Currently my lab is pursuing the following:
1) Determine the role of UIIR activation and the UIIR expressing neurons in reward-related behaviors:. Our results support the need for further investigation of the UII-system as a therapeutic target for treating drug abuse disorders. In addition, we are investigating the i) bias-signaling properties of the endogenous UIIR ligands, and ii) the impact of UIIR single-nucleotide polymorphisms on receptor signaling.
2) We designed a toxin that selectively targets UIIR expressing neurons (cholinergic PPT). In rats the toxin-mediated lesion mimics Progressive Supranuclear Palsy (the most common atypical parkinsonism) on multiple fronts: selective ablation of cholinergic PPT neurons, impaired motor function, and deficits in acoustic startle reaction (MacLaren et al, 2014a; MacLaren et al, 2014b). Our selective cholinergic depletion and a viral-mediated tauopathy rat models are the first to specifically model PSP, and we are further characterizing these models in hope of using them for future drug discovery.
3) During my graduate and post-doctoral training it was found that the central brain administration of neuropeptide S (NPS) in mice enhances memory, is anxiolytic-like (reduced anxiety) and produces hyperlocomotor (increased movement) (Xu et al., 2004; Jungling et al., 2008; Duangdao et al., 2009; Okamura et al., 2011).
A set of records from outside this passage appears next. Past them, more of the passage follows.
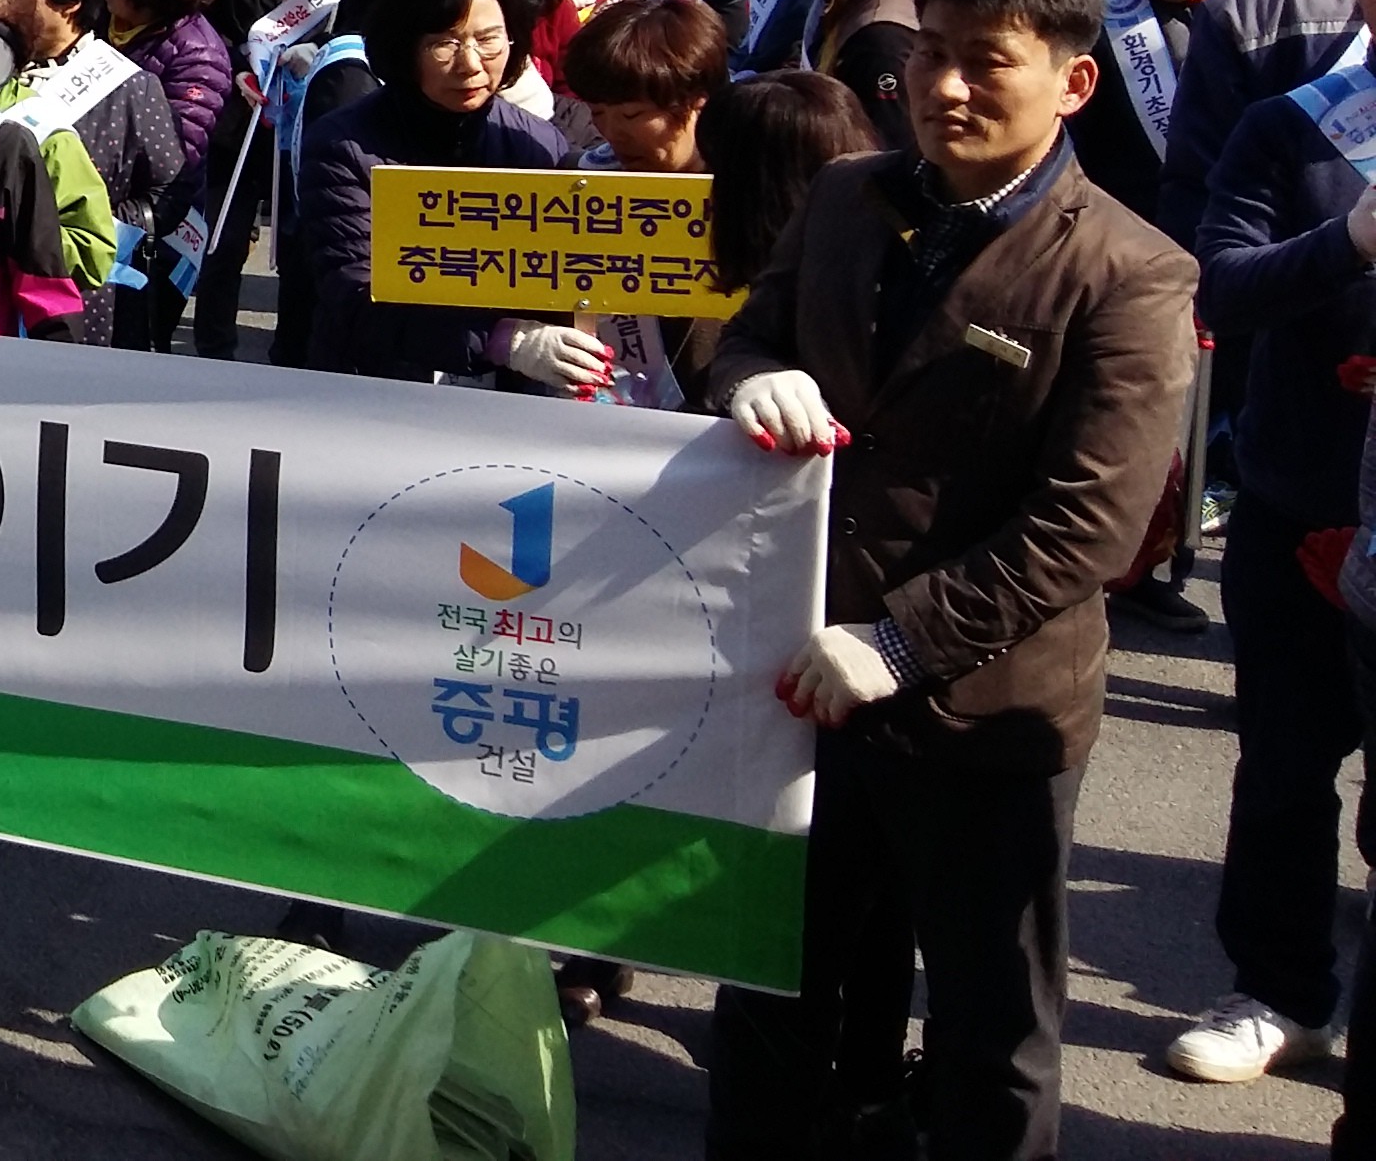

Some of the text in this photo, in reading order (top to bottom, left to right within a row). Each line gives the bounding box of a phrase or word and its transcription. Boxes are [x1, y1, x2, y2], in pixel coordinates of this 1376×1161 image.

[452, 643, 561, 686] 살기좋은
[430, 677, 581, 763] 증평
[476, 742, 537, 784] 건설
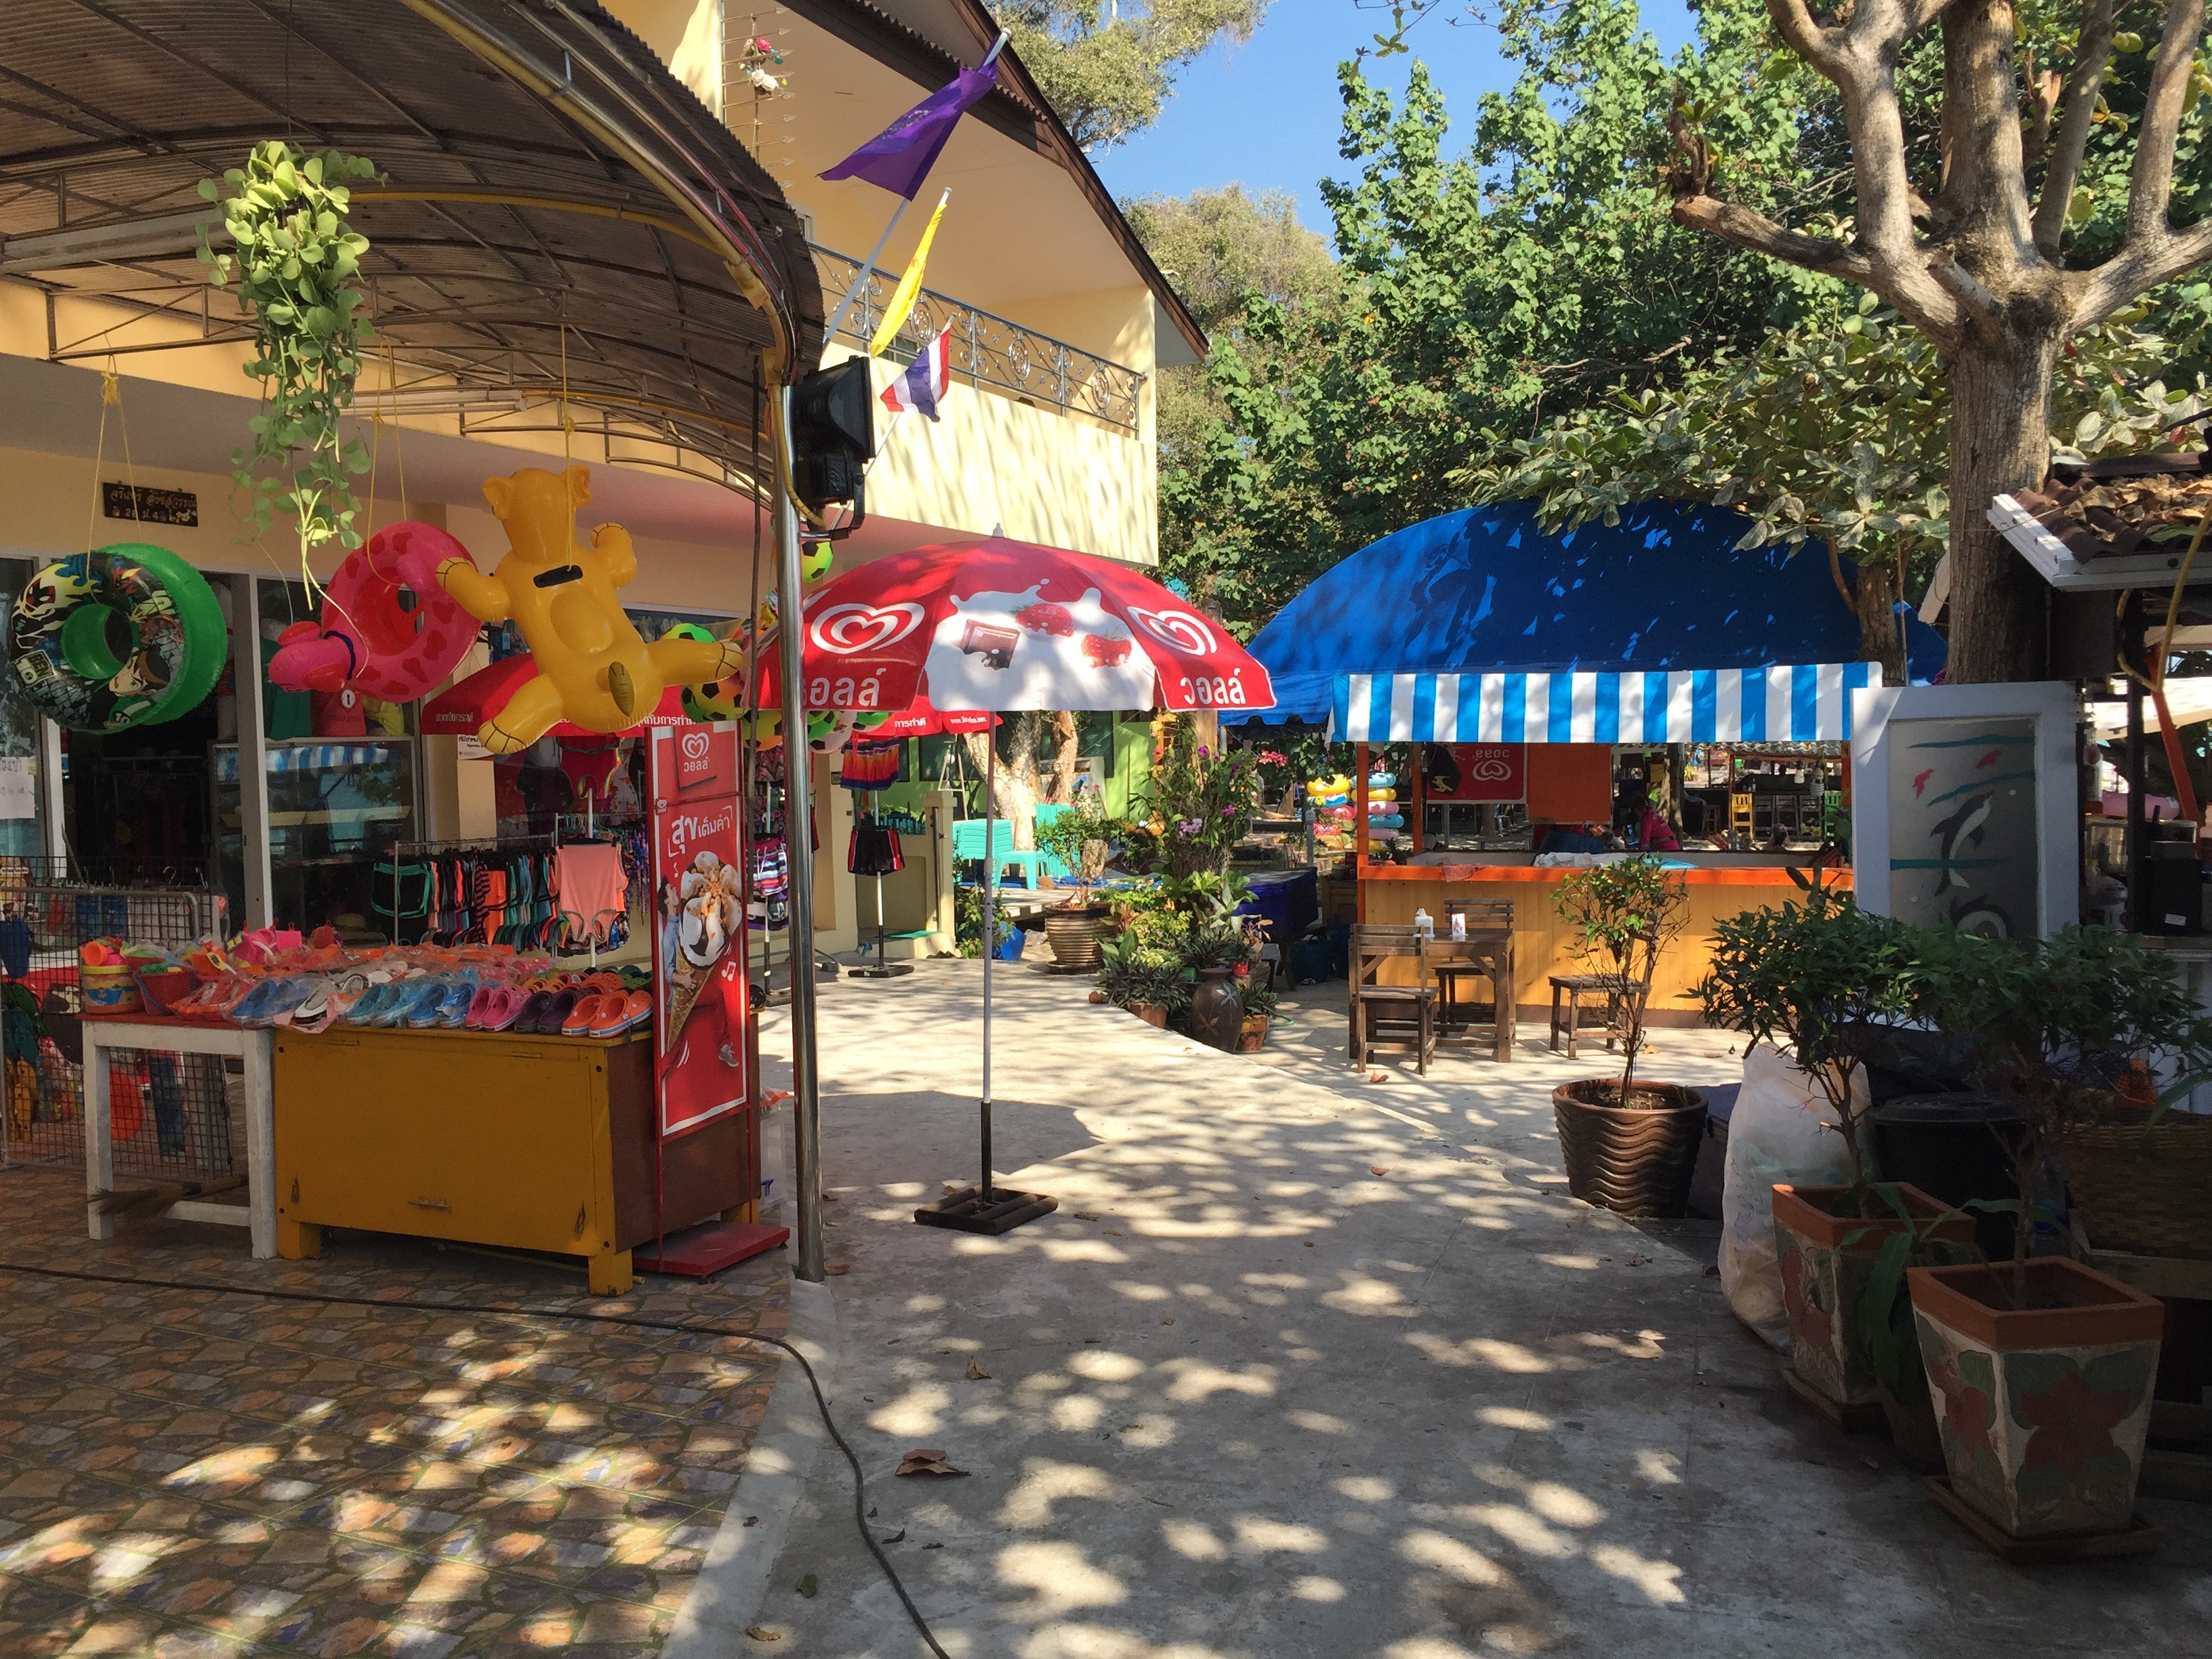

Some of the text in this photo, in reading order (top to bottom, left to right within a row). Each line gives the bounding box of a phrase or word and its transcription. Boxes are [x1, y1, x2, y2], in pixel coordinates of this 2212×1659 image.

[27, 653, 49, 678] BEN
[802, 668, 886, 706] อลล์
[1180, 668, 1246, 705] วอลล์
[683, 756, 709, 773] วอลล์
[1475, 749, 1510, 760] วอลล์
This is a highly unique behavioral profile. Typically drugs that induce activity and arousal increase anxiety-like behaviors, while drugs that are anxiolytic generally have sedative effects and impair memory. Therefore, the NPS-system could be a therapeutic target for disorders for which fast-acting anxiolytics that augment memory formation would be beneficial (e.g. post-traumatic stress disorder (PTSD)).
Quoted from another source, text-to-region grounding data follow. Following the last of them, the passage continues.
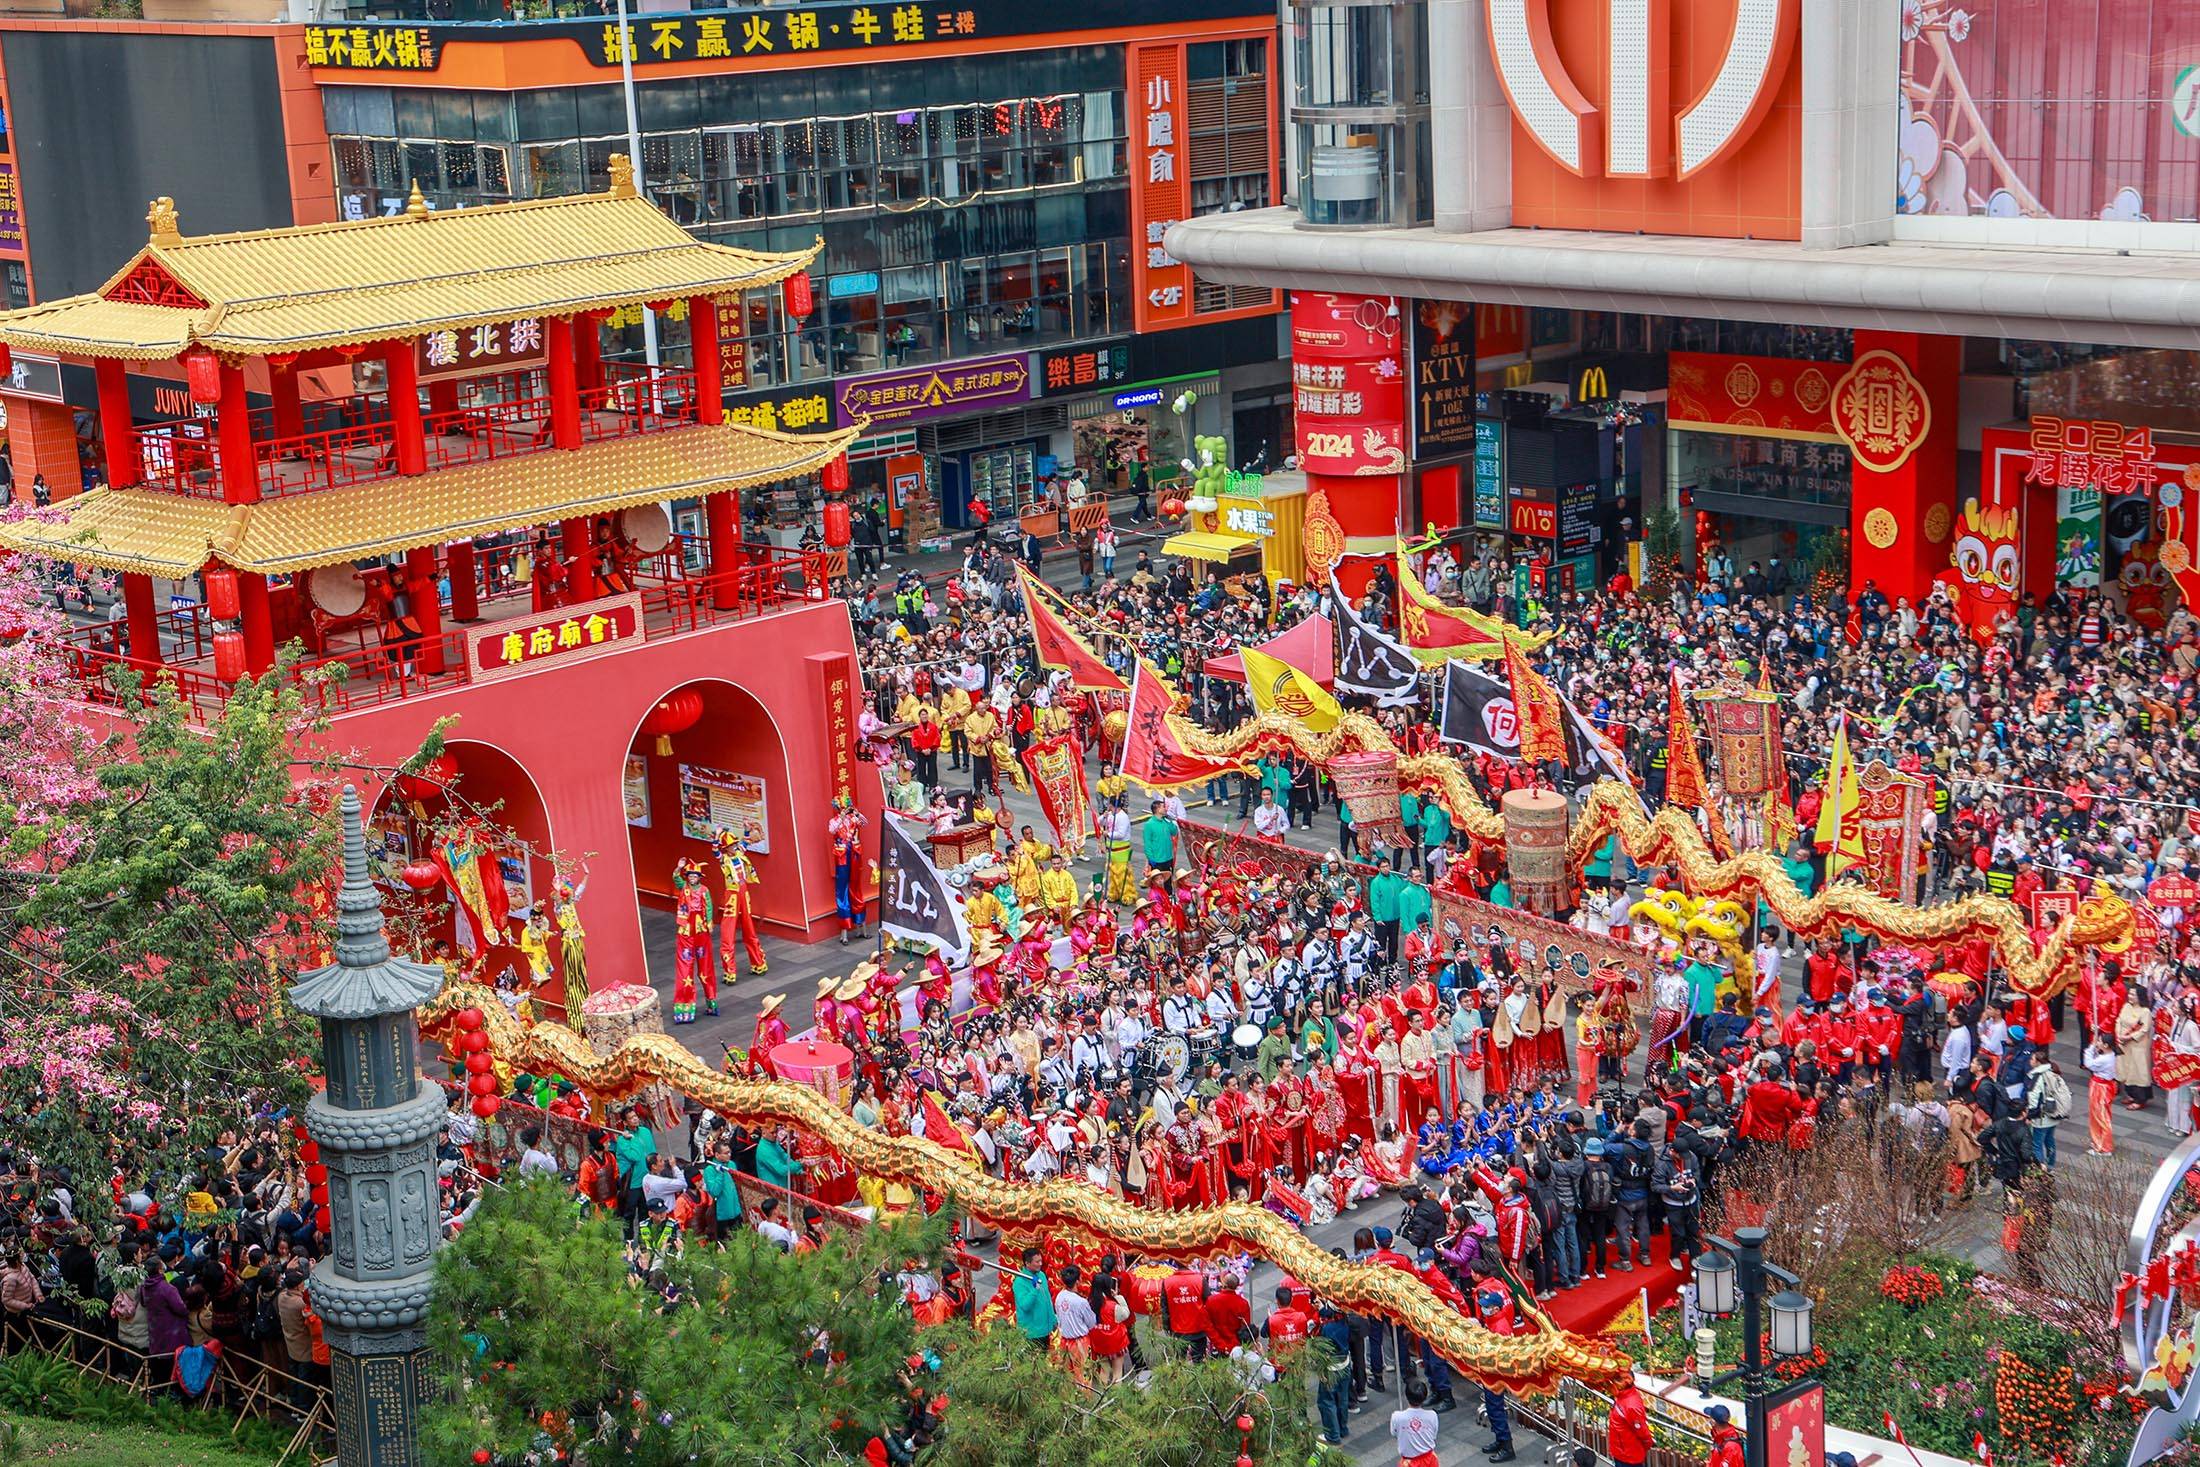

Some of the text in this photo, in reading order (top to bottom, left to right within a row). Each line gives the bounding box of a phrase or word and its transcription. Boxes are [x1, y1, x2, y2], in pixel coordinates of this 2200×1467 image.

[305, 27, 421, 67] 搞不赢火锅
[603, 5, 976, 63] 搞不赢火锅·牛蛙 三楼
[1163, 286, 1182, 304] 2F
[721, 344, 743, 358] 左边
[721, 360, 743, 372] 入口
[1003, 370, 1021, 383] SPA
[1048, 352, 1097, 389] 樂富
[1420, 354, 1470, 385] KTV
[1874, 390, 1888, 428] 大吉
[1306, 432, 1354, 459] 2024
[2030, 415, 2156, 461] 2024
[2025, 449, 2158, 496] 龙腾花开
[1226, 507, 1258, 533] 水果
[500, 612, 610, 665] 廣府廟會
In collaboration with the Drug Discovery Center at Research Triangle Institute, we are testing new small molecule NPSR-targeted drug-like compounds.
4) In addition to Drug Discovery for new anxiolytics (#3 above), my lab is also actively testing NPSR ligands for their ability to curb the intake and seeking of drugs of abuse. Current work centers on testing NPSR biased agonists in models of the relapse of drug taking behavior.